- **EXERCISE INSTRUCTIONS**
From the line containing "this 1200×1601 image." to the last line of the listing, transcribe exactly and add nothing else; keep both ends and omit pictures.

§ §

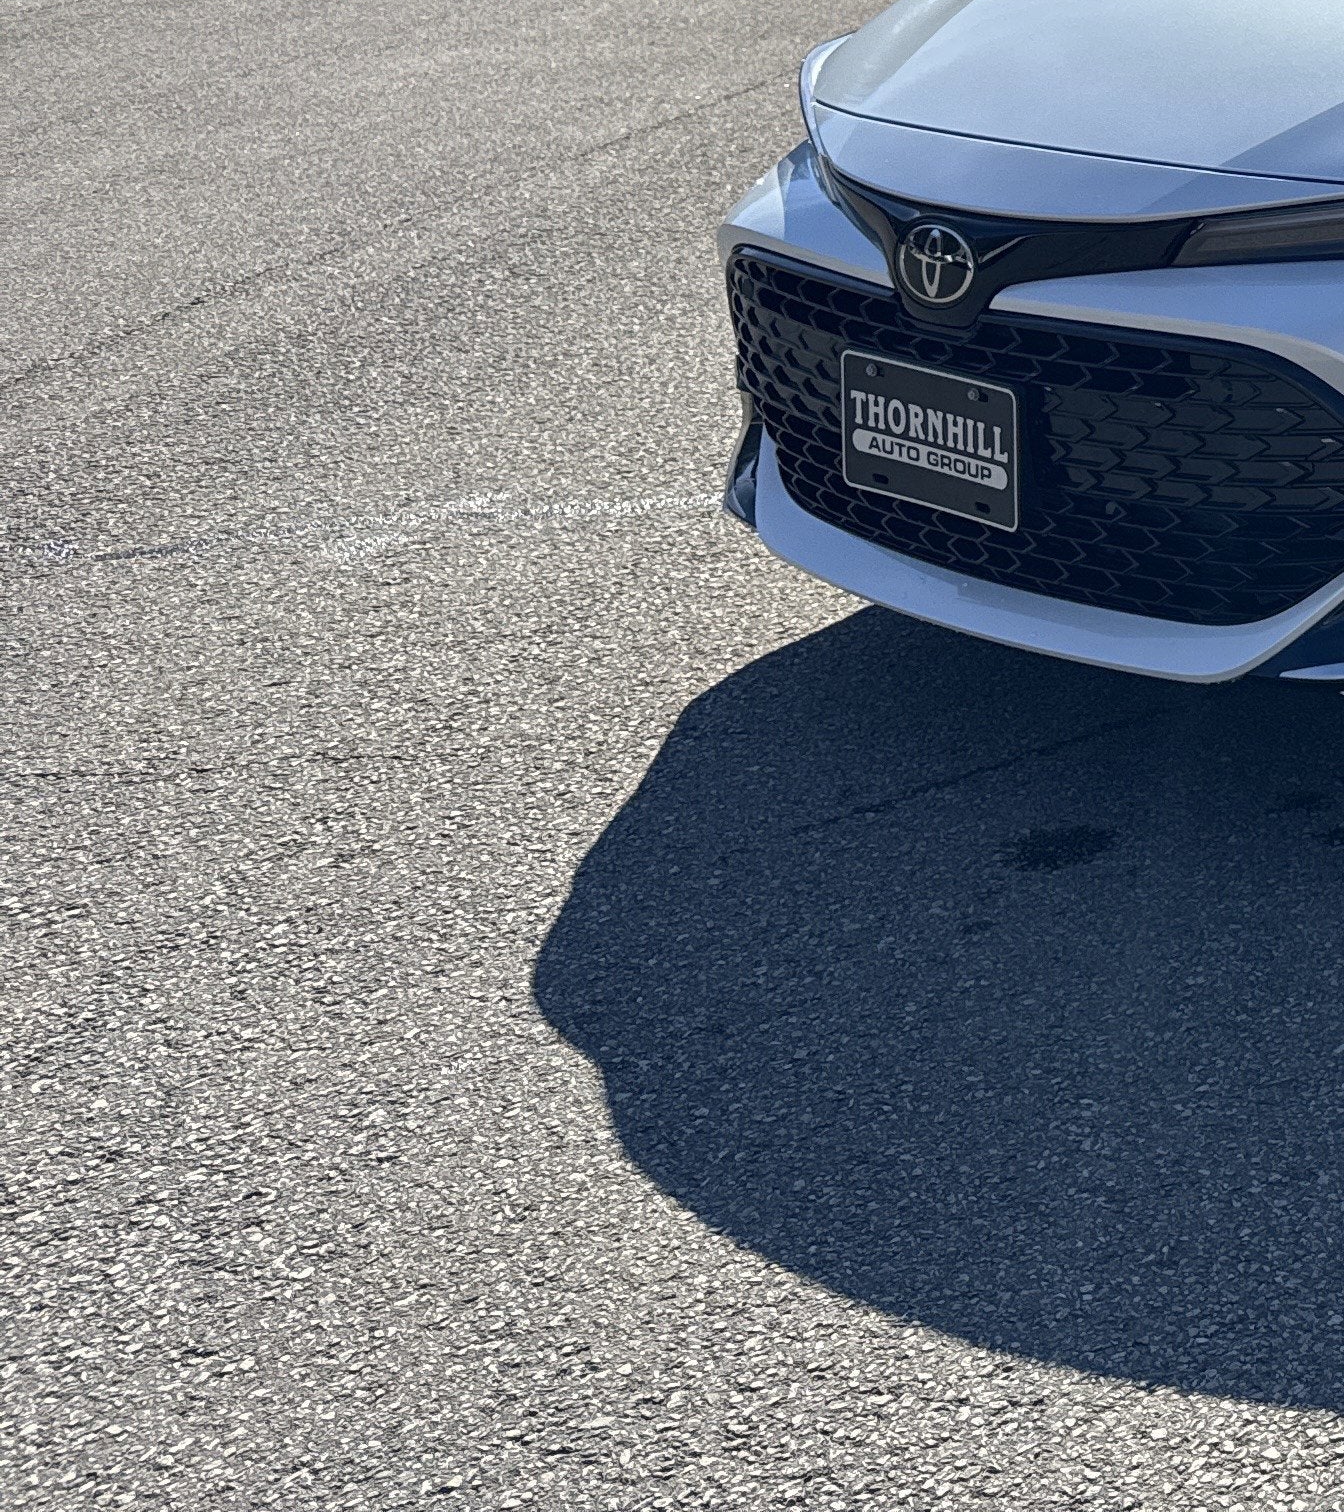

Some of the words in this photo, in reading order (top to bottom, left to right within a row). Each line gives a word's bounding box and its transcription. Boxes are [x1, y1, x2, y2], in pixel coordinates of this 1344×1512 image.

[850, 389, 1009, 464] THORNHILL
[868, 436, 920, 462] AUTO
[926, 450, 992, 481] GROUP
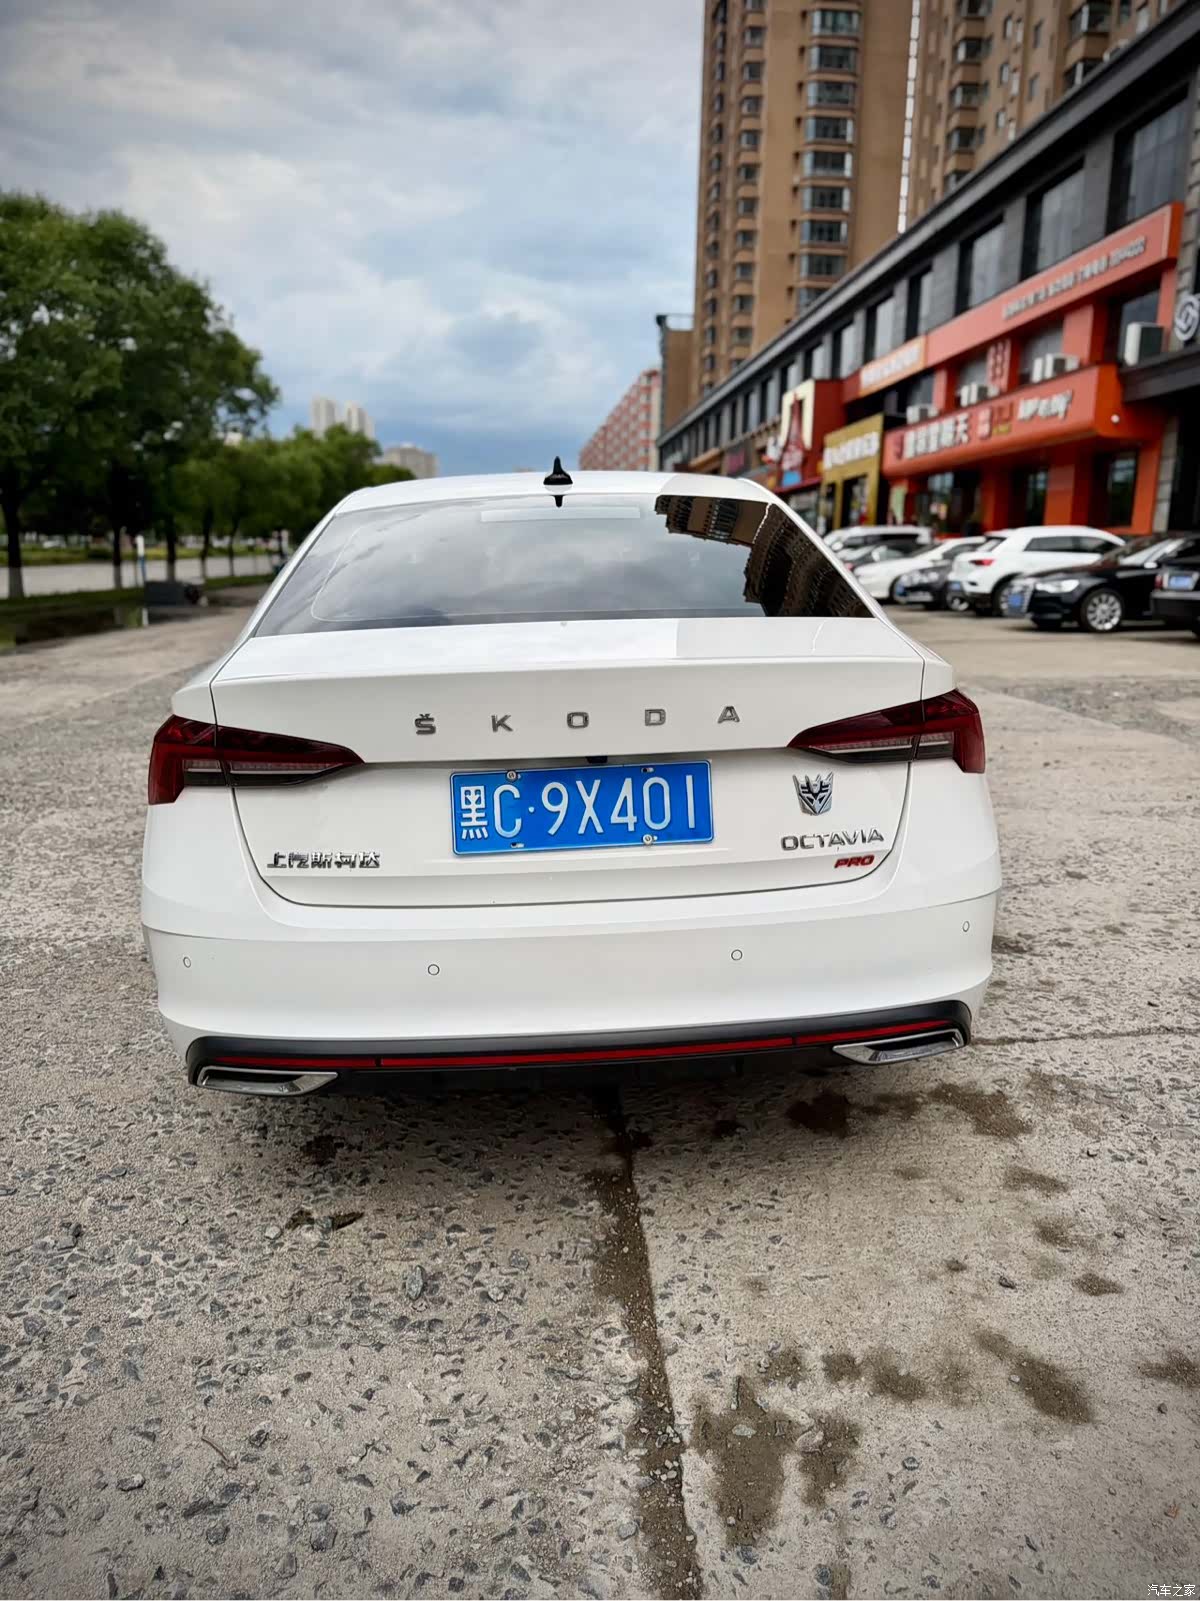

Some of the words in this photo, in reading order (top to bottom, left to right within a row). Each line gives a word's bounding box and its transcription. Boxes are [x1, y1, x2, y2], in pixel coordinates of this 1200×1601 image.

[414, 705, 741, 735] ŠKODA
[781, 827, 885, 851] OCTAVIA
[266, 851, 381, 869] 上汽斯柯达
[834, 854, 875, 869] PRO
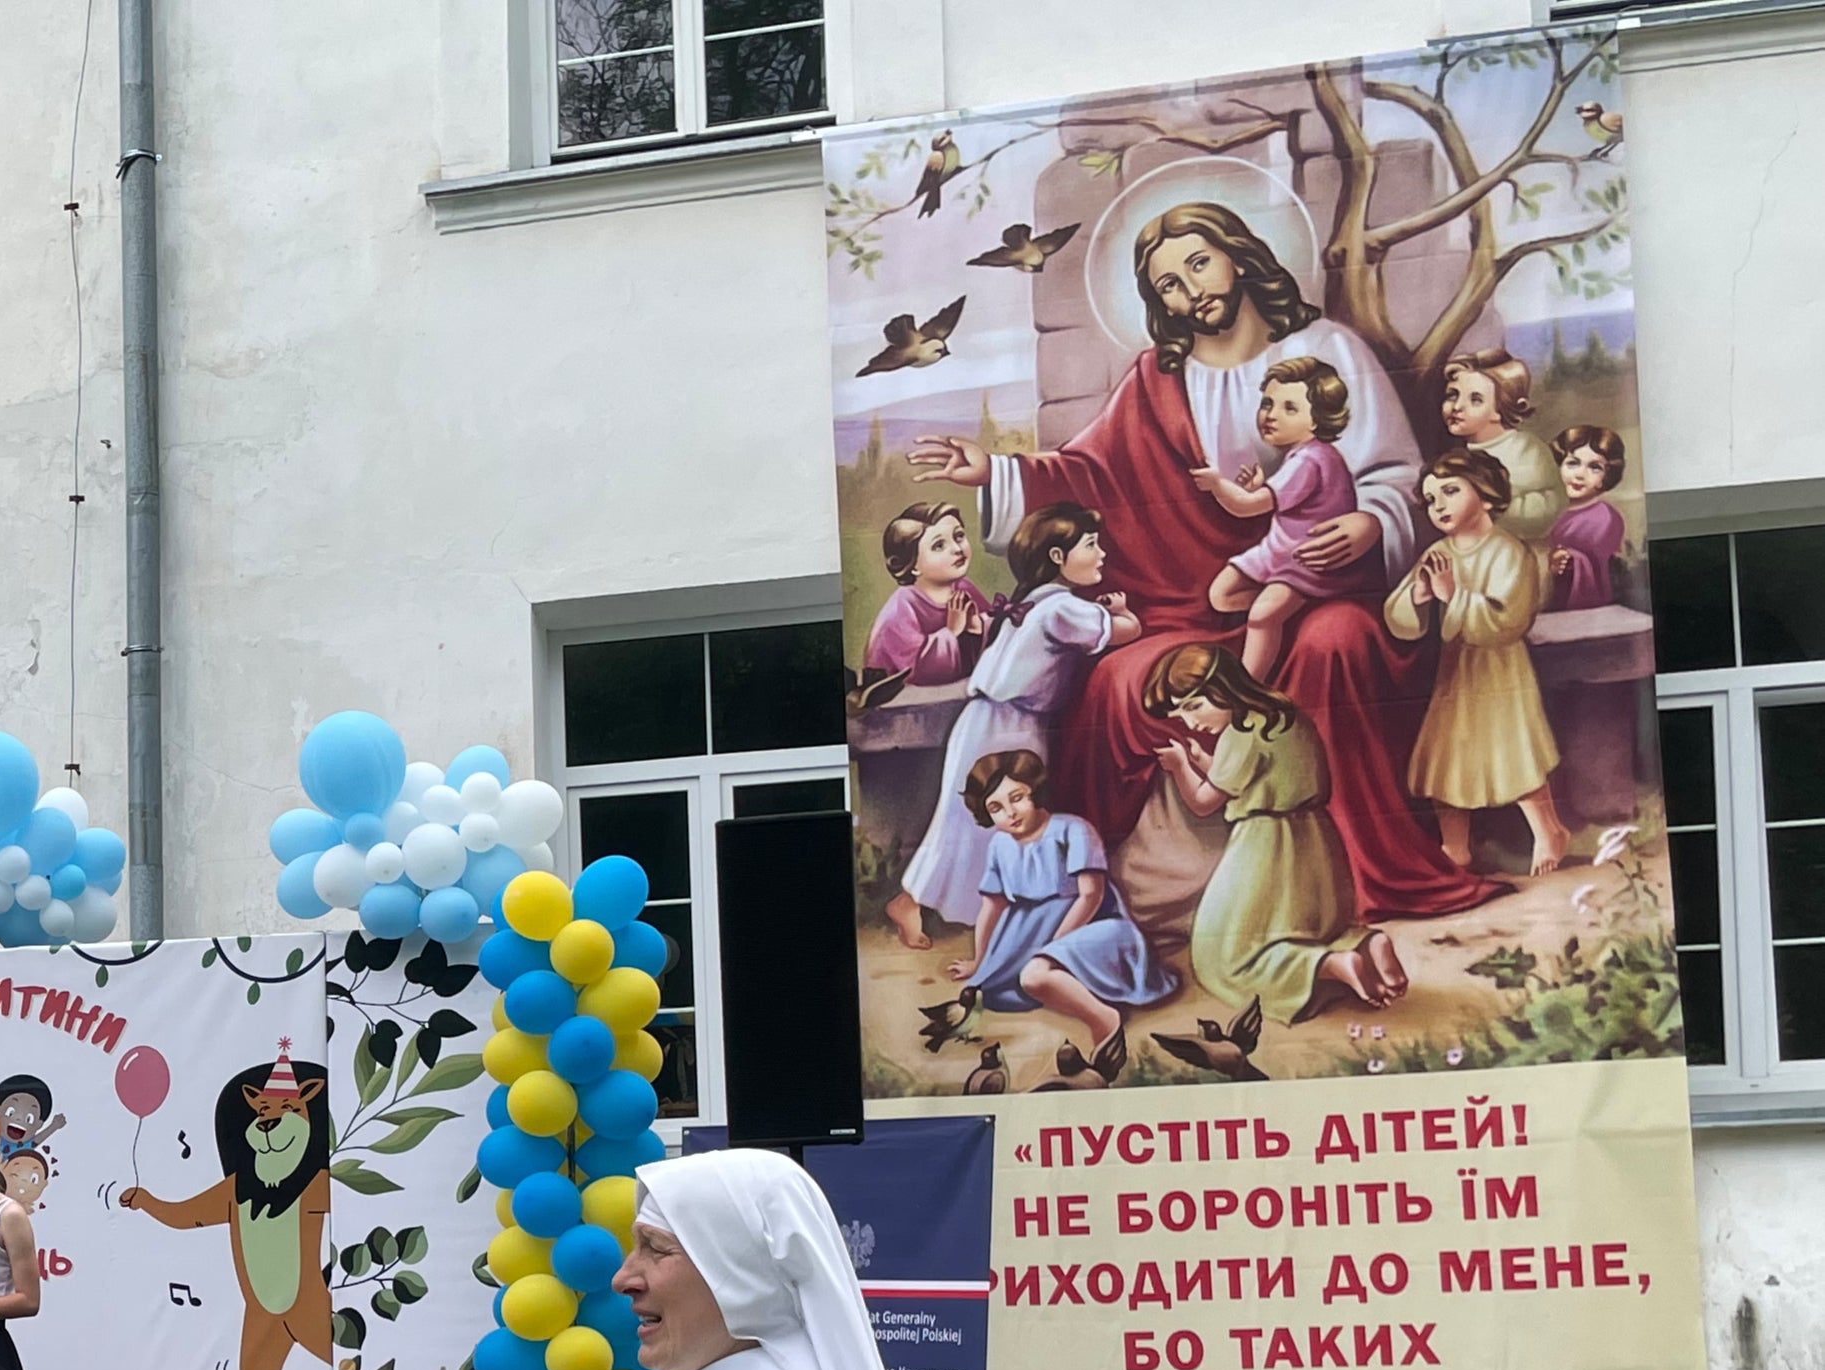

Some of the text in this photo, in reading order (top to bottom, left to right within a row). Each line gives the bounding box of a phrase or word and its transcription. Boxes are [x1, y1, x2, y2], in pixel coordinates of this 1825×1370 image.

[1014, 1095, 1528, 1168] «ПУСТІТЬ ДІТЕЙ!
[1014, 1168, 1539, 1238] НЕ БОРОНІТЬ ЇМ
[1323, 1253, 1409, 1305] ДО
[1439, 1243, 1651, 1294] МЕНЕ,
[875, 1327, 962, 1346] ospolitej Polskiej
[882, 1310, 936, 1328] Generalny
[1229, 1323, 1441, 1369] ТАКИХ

§ §

- **TASK OUTPUT**
Some of the words in this photo, in reading order (top to bottom, left to right within a row). Each line gives a word's bounding box and its transcription. Boxes are [x1, y1, x2, y2], in pixel coordinates of this 1200×1601 image.

[414, 705, 741, 735] ŠKODA
[781, 827, 885, 851] OCTAVIA
[266, 851, 381, 869] 上汽斯柯达
[834, 854, 875, 869] PRO

Some of the text in this photo, in reading order (top to bottom, left to right within a row). Each line gives the bounding box of a phrase or word and its transcription. Boxes are [x1, y1, x2, y2], in pixel coordinates of this 1825×1370 image.

[1014, 1095, 1528, 1168] «ПУСТІТЬ ДІТЕЙ!
[1014, 1168, 1539, 1238] НЕ БОРОНІТЬ ЇМ
[1323, 1253, 1409, 1305] ДО
[1439, 1243, 1651, 1294] МЕНЕ,
[875, 1327, 962, 1346] ospolitej Polskiej
[882, 1310, 936, 1328] Generalny
[1229, 1323, 1441, 1369] ТАКИХ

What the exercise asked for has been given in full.